[SUPPLIED DATA Boundary: Start]

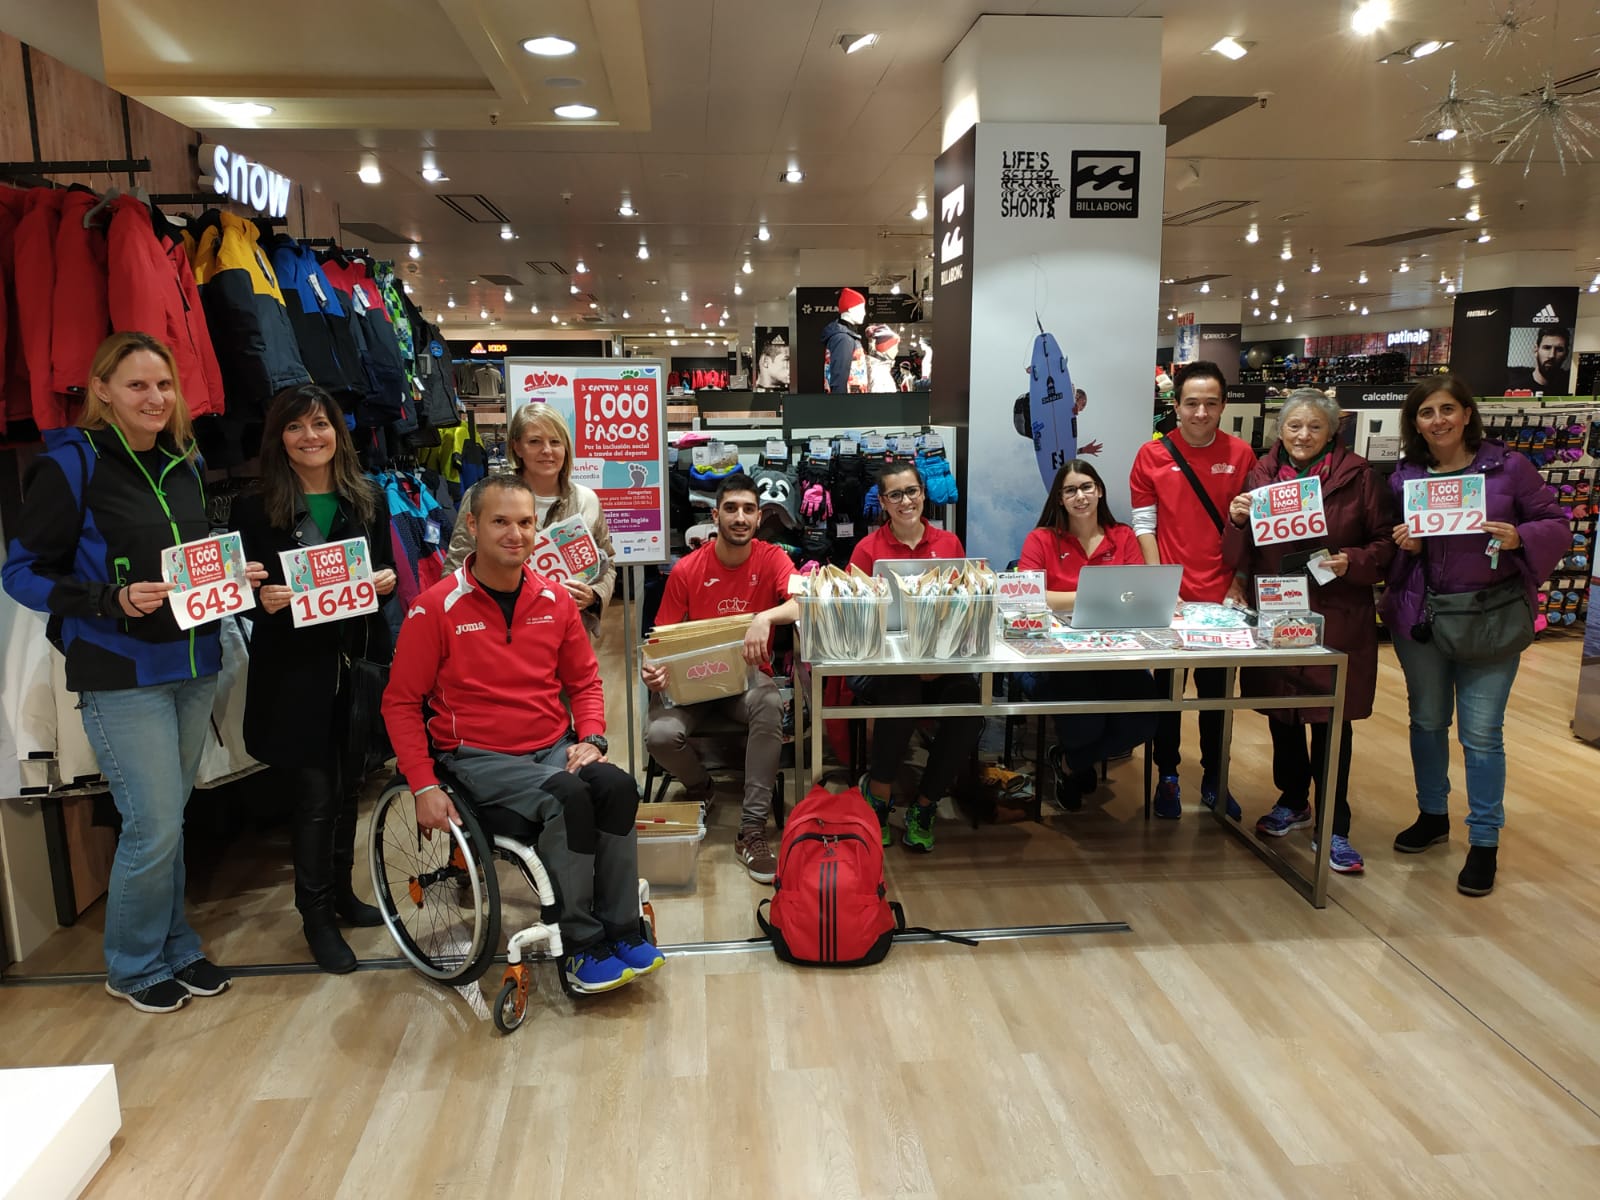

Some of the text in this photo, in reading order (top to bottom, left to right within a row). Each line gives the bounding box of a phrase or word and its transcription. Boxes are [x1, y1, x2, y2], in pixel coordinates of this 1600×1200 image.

[1002, 150, 1050, 169] LIFE'S
[213, 144, 291, 218] snow
[1075, 201, 1133, 212] BILLABONG
[940, 263, 964, 287] BILLABONG
[1532, 316, 1560, 324] adidas
[1387, 328, 1431, 347] patinaje
[582, 392, 649, 422] 1.000
[584, 422, 649, 442] PASOS
[624, 449, 648, 457] deporte
[1272, 487, 1298, 501] 1.000
[1431, 484, 1459, 496] 1.000
[630, 516, 649, 525] Inglés
[1255, 512, 1325, 542] 2666
[1408, 510, 1484, 534] 1972
[189, 547, 218, 568] 1.000
[312, 551, 343, 570] 1.000
[191, 562, 221, 577] PASOS
[315, 565, 346, 578] PASOS
[186, 582, 243, 621] 643
[296, 581, 375, 621] 1649

[SUPPLIED DATA Boundary: End]

Retype all of the entries exactly as written, leaving out any images.

Some of the text in this photo, in reading order (top to bottom, left to right within a row). Each line gives the bounding box of a phrase or word and its transcription. Boxes are [x1, y1, x2, y2], in pixel coordinates of this 1600×1200 image.

[1002, 150, 1050, 169] LIFE'S
[213, 144, 291, 218] snow
[1075, 201, 1133, 212] BILLABONG
[940, 263, 964, 287] BILLABONG
[1532, 316, 1560, 324] adidas
[1387, 328, 1431, 347] patinaje
[582, 392, 649, 422] 1.000
[584, 422, 649, 442] PASOS
[624, 449, 648, 457] deporte
[1272, 487, 1298, 501] 1.000
[1431, 484, 1459, 496] 1.000
[630, 516, 649, 525] Inglés
[1255, 512, 1325, 542] 2666
[1408, 510, 1484, 534] 1972
[189, 547, 218, 568] 1.000
[312, 551, 343, 570] 1.000
[191, 562, 221, 577] PASOS
[315, 565, 346, 578] PASOS
[186, 582, 243, 621] 643
[296, 581, 375, 621] 1649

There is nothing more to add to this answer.